Houve um tempo em que eu me julgava dono de uma memória razoável. Lembrava, por exemplo, o dia em que meu pai chegou do trabalho e faltava luz. Eu o vi beijando minha mãe numa imagem azulada pelas panelas no fogo do fogão a gás. Era em São Paulo e eu tinha 2 anos de idade.
Se tivesse tomado nota como naquele livro que li, eu teria mais o que contar agora. Por isso me apresso hoje em escrever o nome da minha primeira professora: Dona Isaura Cação Ribeiro. Pois foi só escrever e me bateu uma dúvida quanto a esse Cação encravado no meio. Durante anos eu soletrei seu nome como um verso ou uma tabuada, e agora tenho dúvida! De certo, me lembro que dona Isaura tinha um casal de filhos com um tapeceiro da Rua 17.
Minha cidade era tão recente que muitas coisas careciam de nome. As ruas, por exemplo, ainda eram apenas números. As pares cruzando com as ímpares, enquanto por elas circulavam (vivos) os seus futuros patronos. Algumas de nossas esquinas de hoje aconteceram muitos anos antes, em carne e osso, cada vez que esses pioneiros se encontraram.
Dona Isaura me levou pela mão a cruzar a cartilha Caminho Suave, a lição da barriga, do jarro, do macaco até a zabumba. Cheguei à escola com alguns meses de atraso. Meu pai tentou me matricular em janeiro, quando fiz seis anos, mas lhe disseram que ali era lugar de criança estudar e não ser pajeada. Meu pai se rendeu ao argumento da direção, mas eu não. Era um caso de lombriga supurado – na Rua Elizabete todo mundo ia à escola.
Já era maio, mês de Maria, quando o Zé Brito me disse: “Amanhã eu te coloco no grupo”. Não lhe faltava autoridade. Com dez anos, o Zé Brito já tinha repetido o primeiro ano duas vezes! “Entra aí nessa fila”, ele me disse já se misturando com os meninos da sua classe. Fui ficando por ali naquela fila de dois que, de repente, subiu um degrau, passou pelos banheiros fedendo a urina e foi vazando os corredores do grupão. Subimos outro lance de degraus e dobramos à esquerda, um andar acima do primeiro degrau por onde tínhamos entrado. Na porta da penúltima sala, Dona Isaura, implacável como um porteiro de cinema, tirou-me da fila: “Você não está”, disse. “Vamos pra diretoria”.

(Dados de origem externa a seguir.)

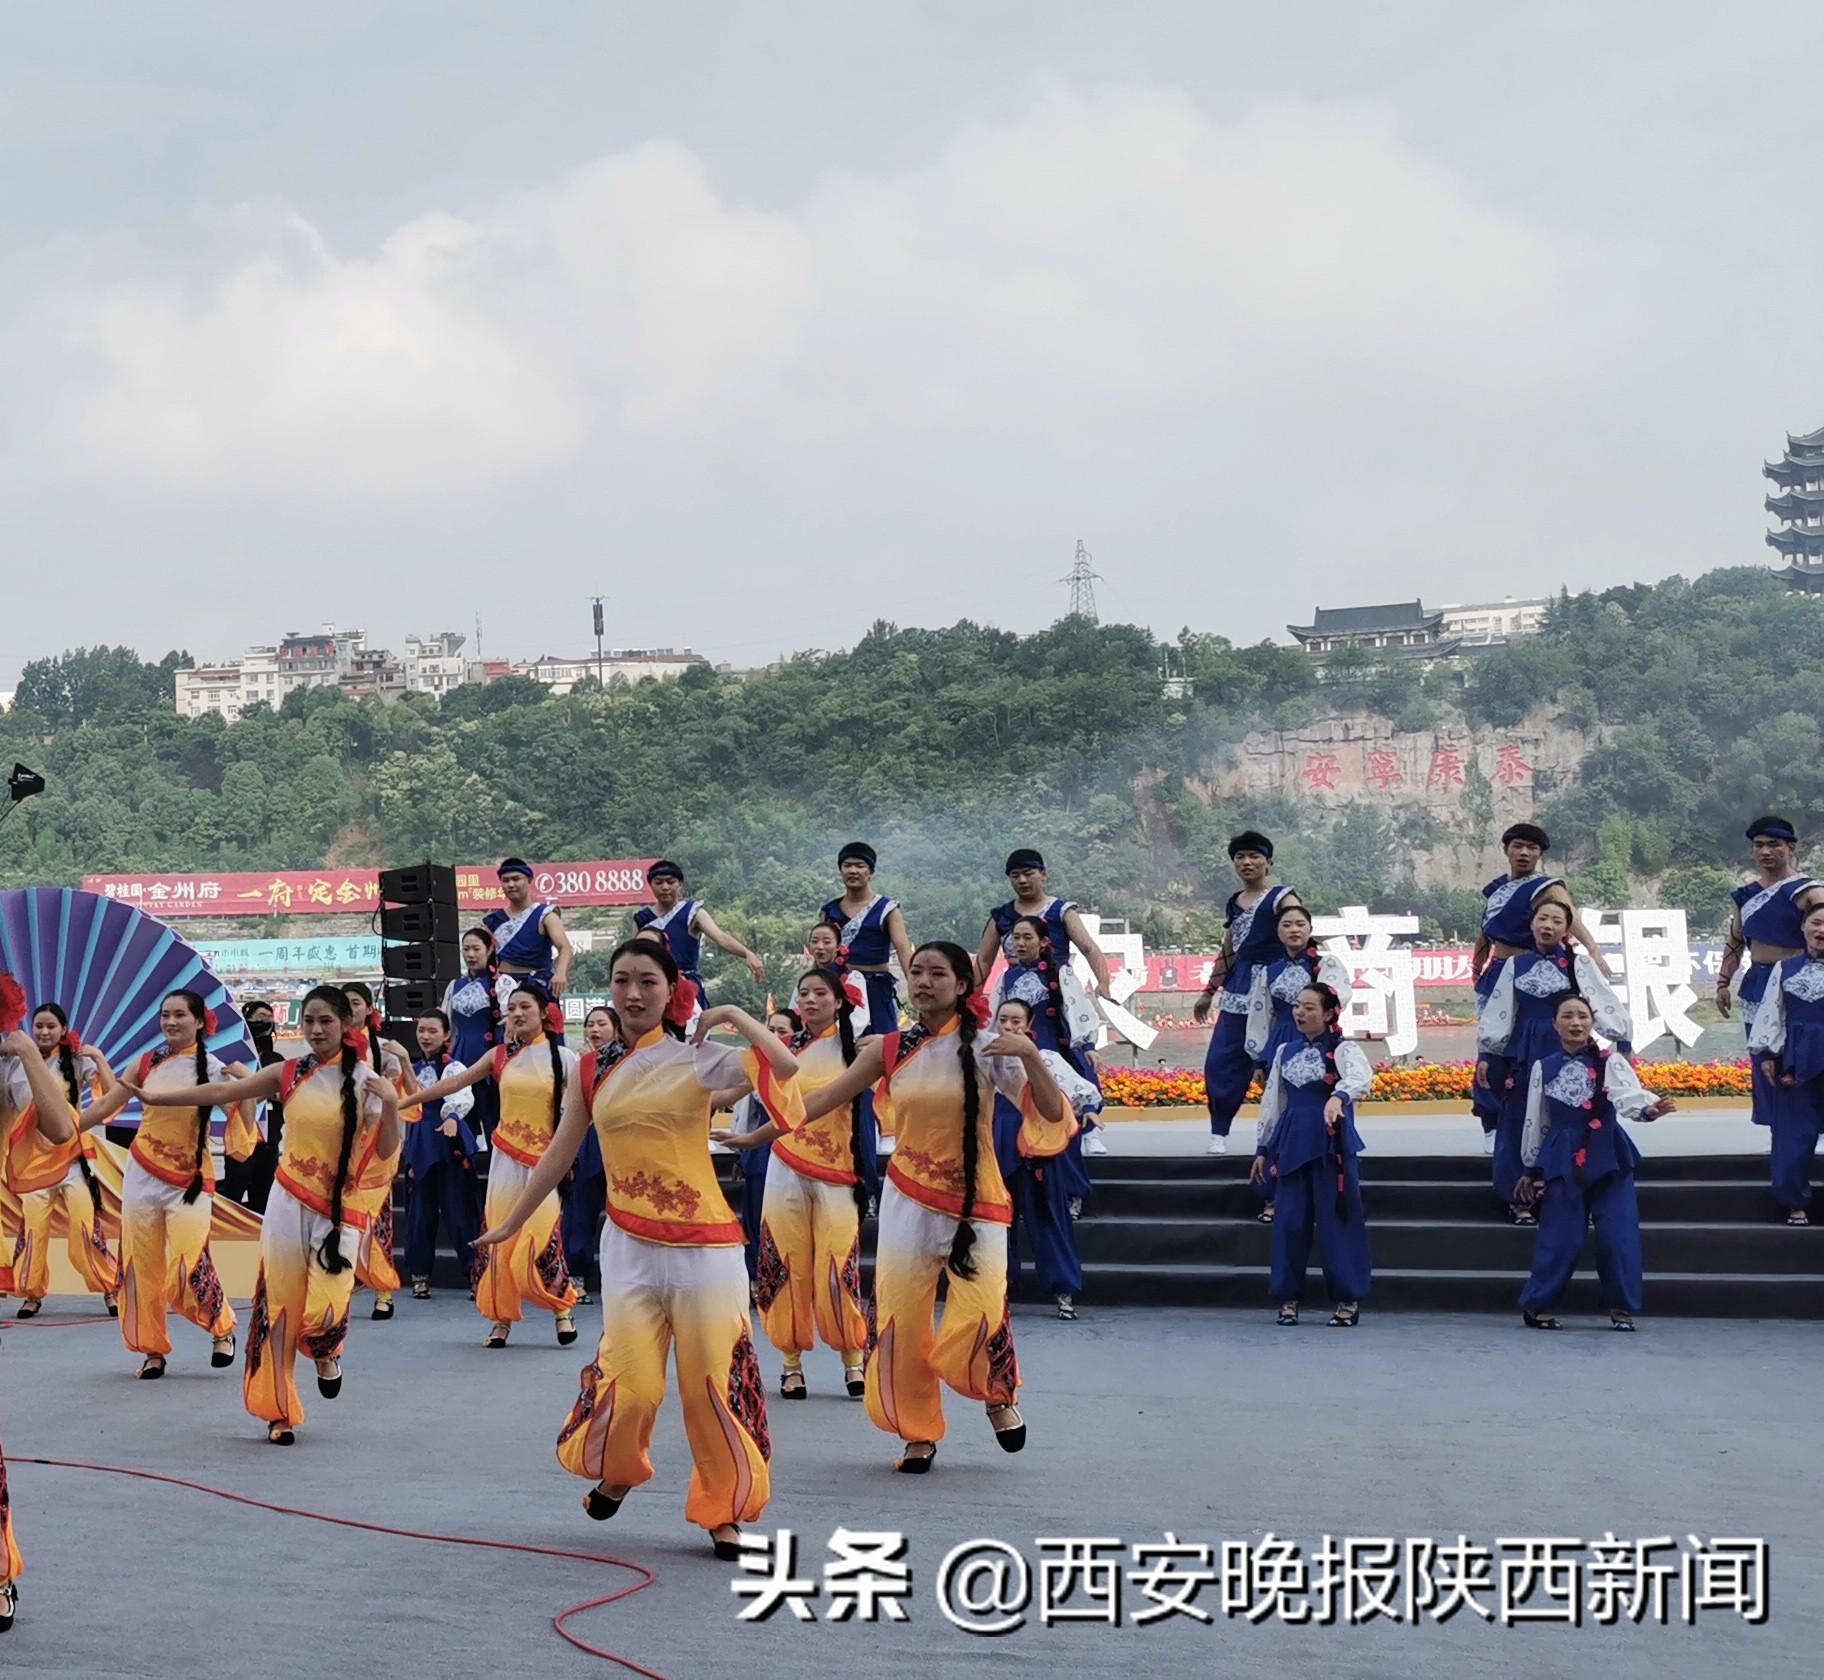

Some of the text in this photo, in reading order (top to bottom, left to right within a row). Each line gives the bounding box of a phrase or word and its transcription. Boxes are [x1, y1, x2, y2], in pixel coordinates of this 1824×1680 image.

[555, 868, 644, 894] 380 8888
[346, 943, 380, 961] 首期
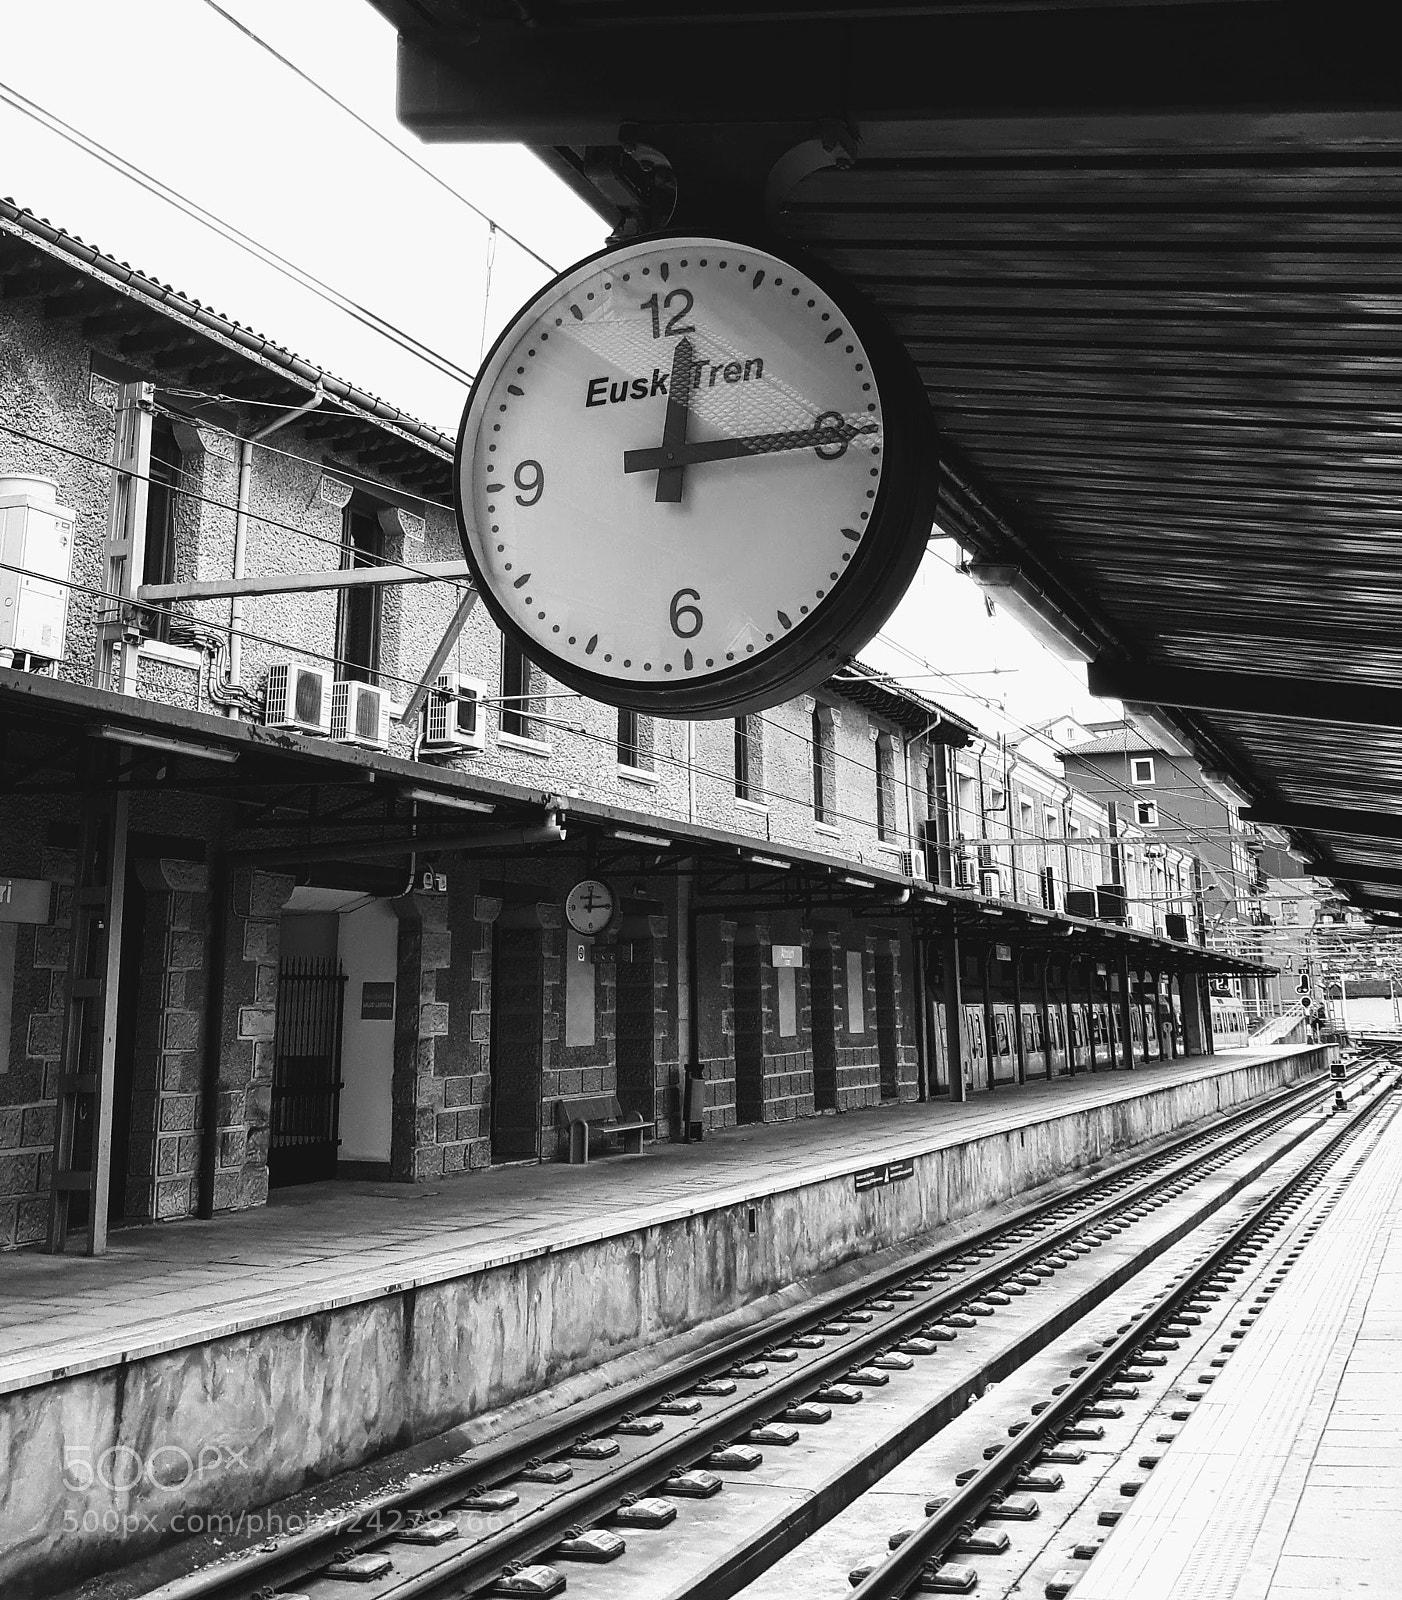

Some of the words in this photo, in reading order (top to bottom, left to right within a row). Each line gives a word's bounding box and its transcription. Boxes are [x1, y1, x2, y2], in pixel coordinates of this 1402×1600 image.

[640, 288, 695, 339] 12
[814, 411, 848, 460] 3
[514, 460, 544, 507] 9
[670, 588, 703, 638] 6
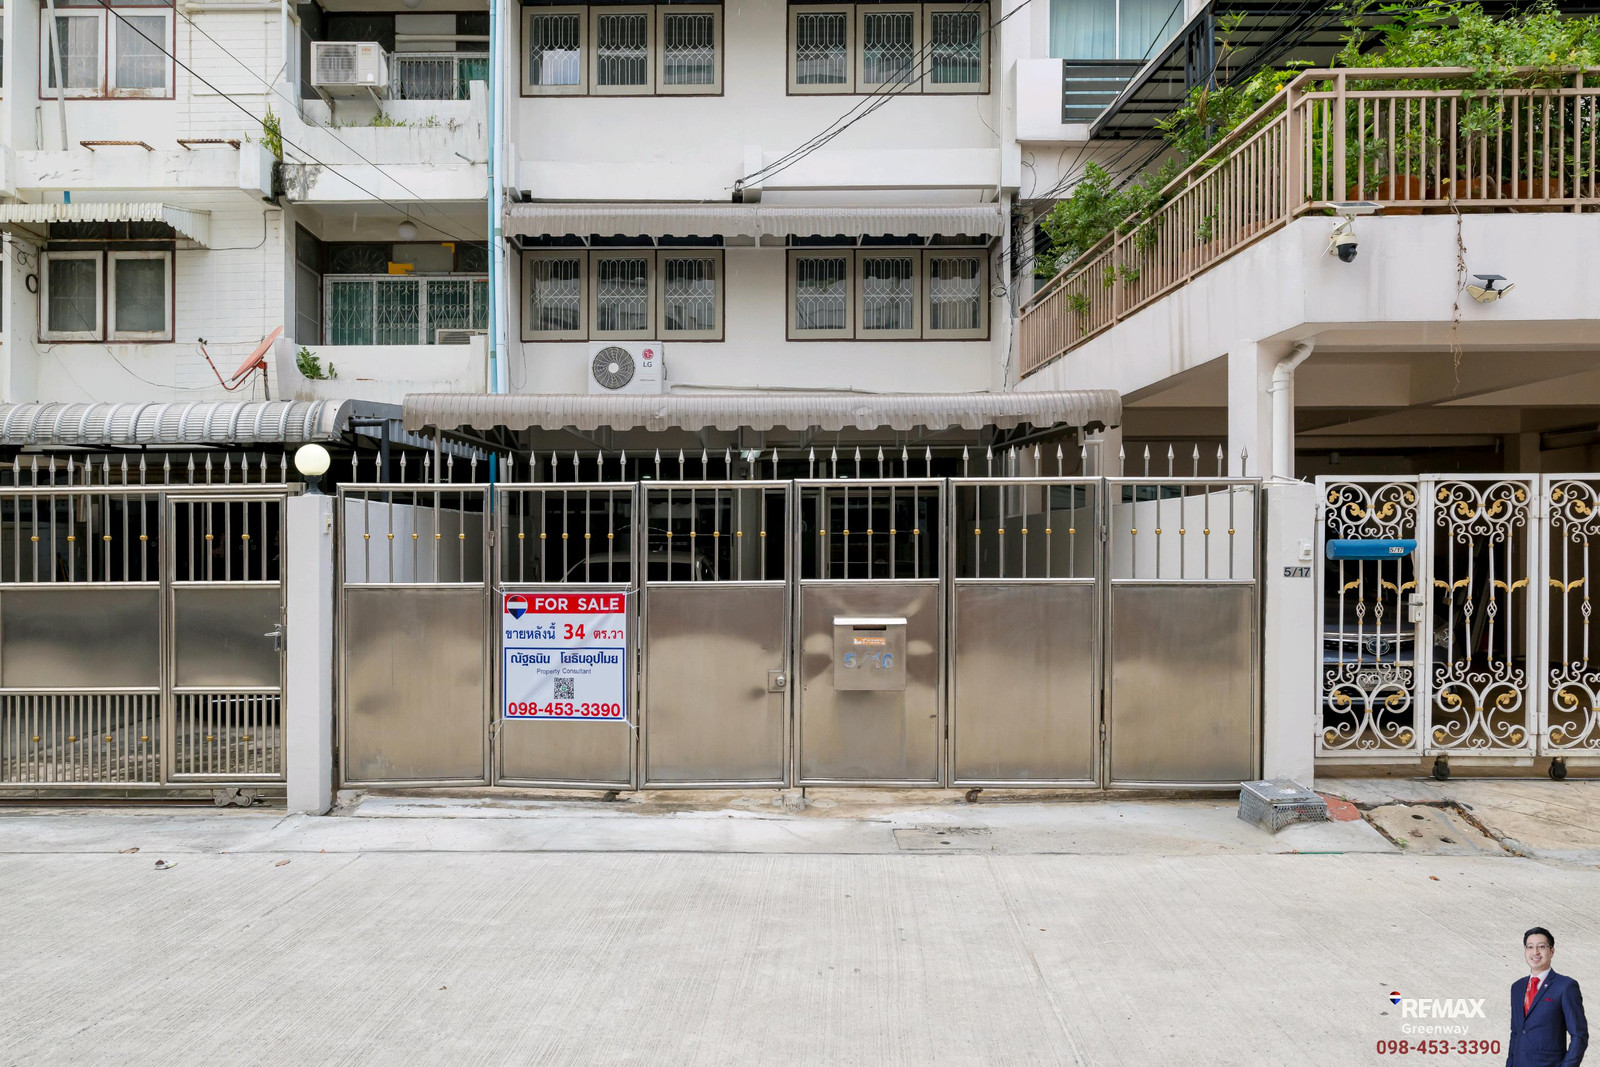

Eu ainda não sabia diferenciar um A de um 3, mas já sabia o que era a diretoria do grupão – a rua inteira sabia. Era o lugar da escola onde a gente apanhava como em casa. Naquele dia dona Neusa Nasrala estava substituindo o diretor Júlio de Moura, um hominho pouco maior do que um anão que morava no Micena, quase nosso vizinho – o tal que tinha me negado a matrícula.
– O que você está fazendo aqui?
– Eu quero estudar.
Era uma meia verdade e, para minha surpresa, Dona Neusa não me bateu naquele dia.
– Quem é o seu pai?
– É o Bernardino da farmácia.
Ela o conhecia. Naquele tempo, todo mundo se conhecia na minha cidade. Às vezes, muito mais do que devia.
- Luiz Carlos Seixas (Instrumentista, compositor e cronista)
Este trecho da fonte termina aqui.